Netflix executive says users can now 'vote with their checkbook'
Netflix's controversial new pricing strategy that raised monthly fees 60% for some people is a way for customers to "vote with their checkbooks," the company's chief content officer said at a media conference Thursday.
Previously, Netflix charged $8 for online video streaming and $10 or more for streaming along with DVDs through the mail. The streaming-only price stayed constant, but Netflix now charges an additional $8 or more to get DVDs in the mail.

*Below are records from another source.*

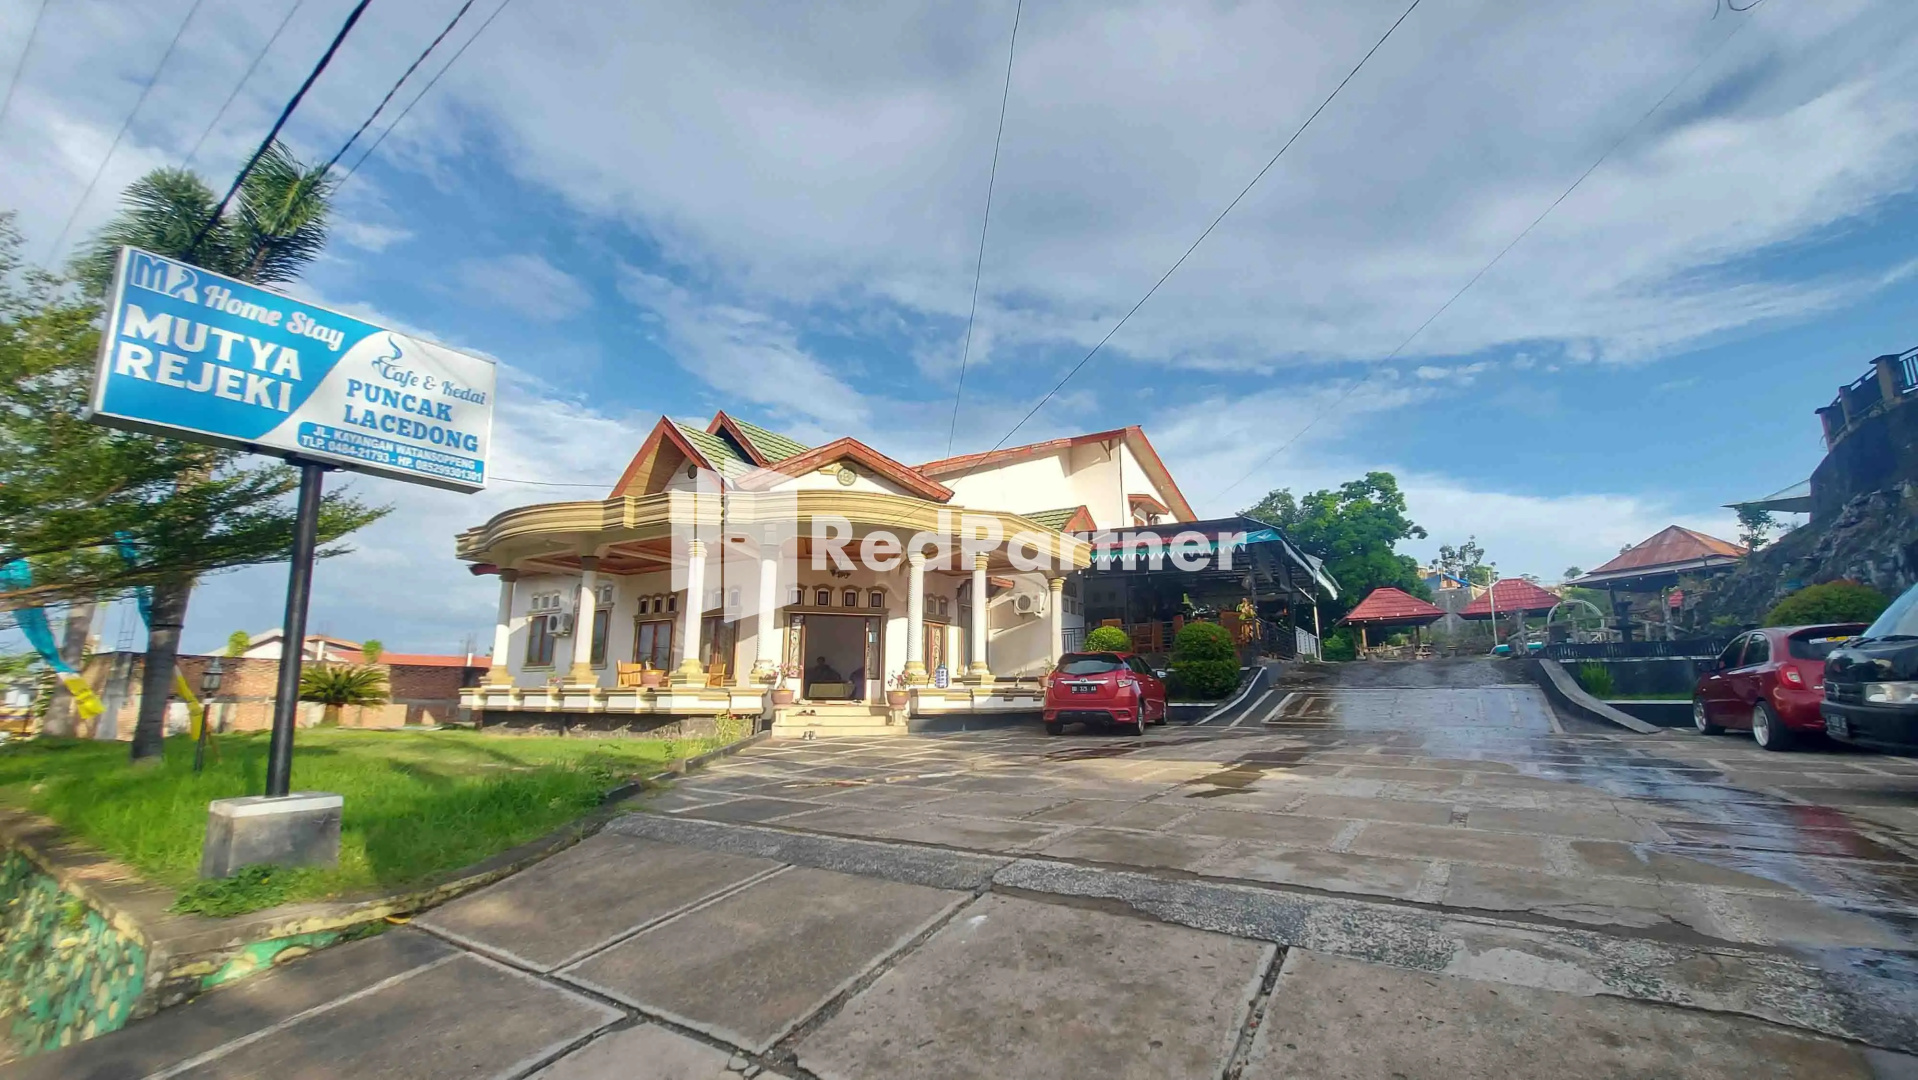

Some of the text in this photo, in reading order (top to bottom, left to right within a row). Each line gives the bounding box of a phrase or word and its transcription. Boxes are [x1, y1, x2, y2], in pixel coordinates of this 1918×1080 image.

[204, 285, 345, 351] Home Stay
[121, 303, 302, 381] MUTYA
[115, 341, 294, 412] REJEKI
[382, 364, 486, 405] Cafe & Kedai
[346, 378, 453, 422] PUNCAK
[301, 435, 325, 449] TLP.
[334, 430, 395, 452] KAYANGAN
[395, 442, 476, 470] WATANSOPPENG
[343, 404, 479, 452] LACEDONG

"The supplement you paid didn't cover the cost of DVDs by mail, so we said let customers vote by their checkbook," Ted Sarandos told the crowd at the Paley Center for Media's International Council conference in Beverly Hills Thursday. "We gave them an opportunity not to pay for streaming if they don't want it or for DVDs if they don't want it. It was a sexy headline to say there's a 60% price increase, but that was only for people who want both."

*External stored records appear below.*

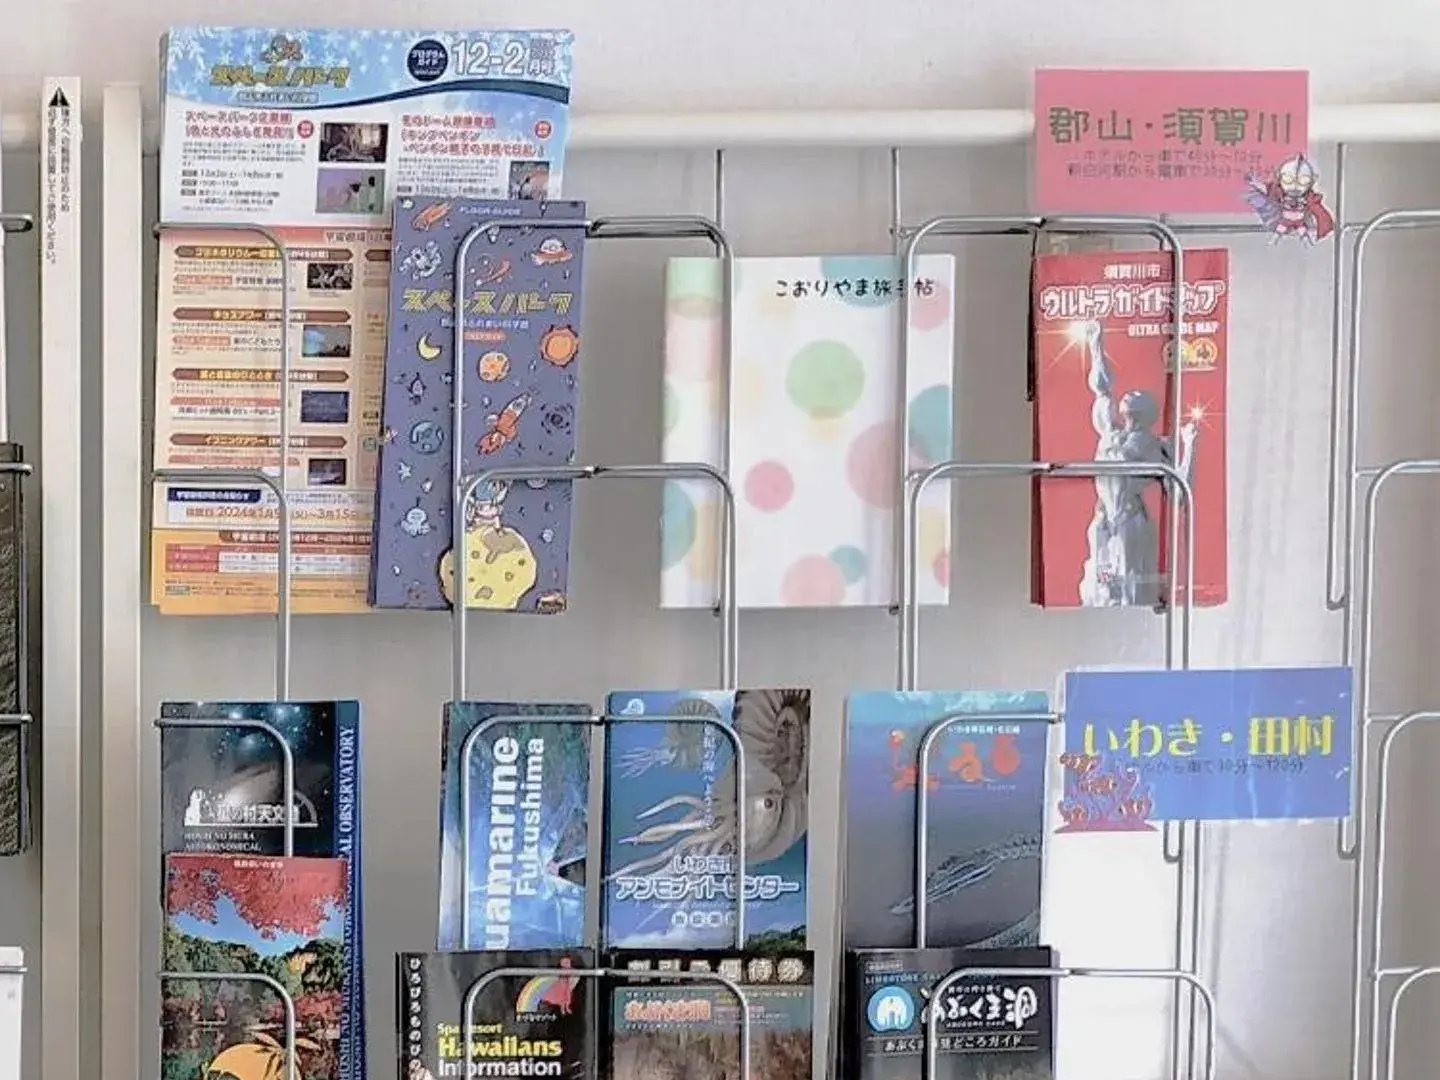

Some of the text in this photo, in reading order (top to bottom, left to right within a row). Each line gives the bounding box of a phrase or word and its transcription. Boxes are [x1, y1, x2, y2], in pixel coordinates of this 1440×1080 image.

[1048, 106, 1291, 146] 郡山・須賀川
[1083, 715, 1335, 758] いわき・田村
[515, 738, 545, 896] Fukushima
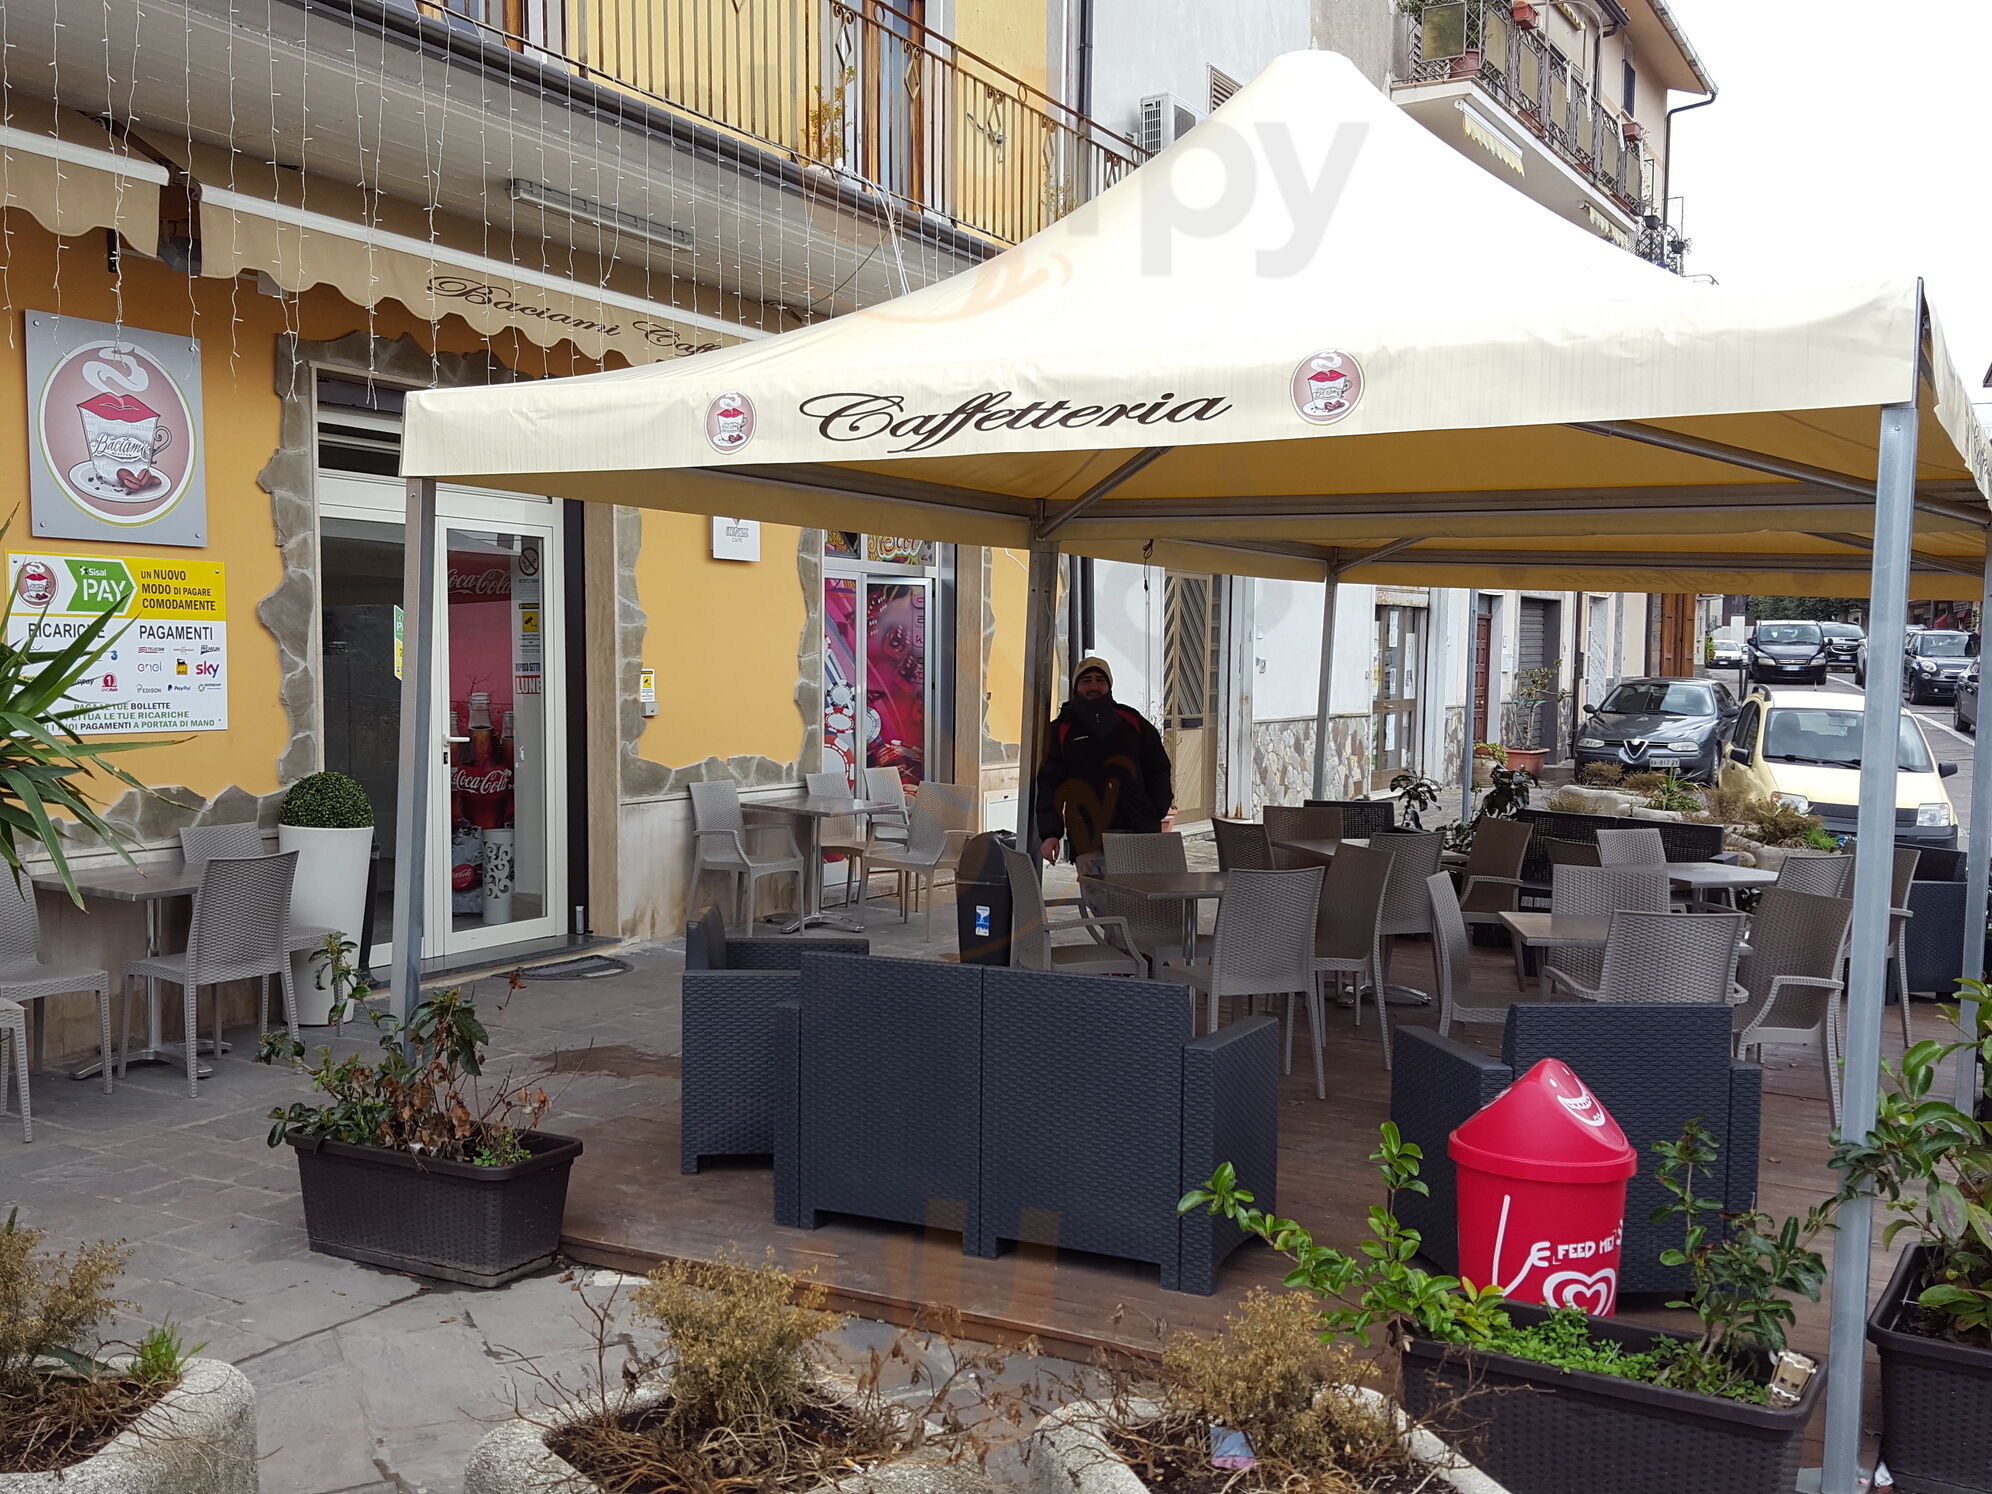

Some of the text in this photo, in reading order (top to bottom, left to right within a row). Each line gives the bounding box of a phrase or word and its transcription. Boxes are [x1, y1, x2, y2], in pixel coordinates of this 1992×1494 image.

[428, 275, 621, 338] Baciami
[799, 390, 1233, 453] Caffetteria
[88, 567, 107, 577] Sisal
[141, 569, 187, 581] UN NUOVO
[82, 578, 126, 602] PAY
[141, 583, 212, 597] MODO DI PAGARE
[142, 598, 216, 611] COMODAMENTE
[139, 625, 213, 641] PAGAMENTI
[110, 650, 118, 661] 3
[195, 660, 220, 679] sky
[130, 702, 171, 710] BOLLETTE
[104, 712, 115, 720] LE
[117, 712, 136, 720] TUE
[137, 711, 190, 720] RICARICHE
[80, 721, 132, 730] PAGAMENTI
[133, 721, 140, 729] A
[141, 720, 178, 729] PORTATA
[179, 720, 189, 728] DI
[190, 719, 215, 727] MANO
[1557, 1241, 1597, 1260] FEED

At least some people have been voting with their checkbooks, as Netflix Chief Executive Reed Hastings told investors in a letter Thursday that the company would lose 600,000 subscribers during the quarter. It had predicted it would gain about 400,000.
The news sent Netflix stock tumbling 19% as investors feared it signaled an end to Netflix's skyrocketing growth over the last few years.
Sarandos acknowledged the company had miscalculated how subscribers would react to the pricing changes but said it would be less of a problem going forward.
"Being able to precisely forecast and predict the behavior of that many people to a fairly radical change is something we'll get better at with time," he said.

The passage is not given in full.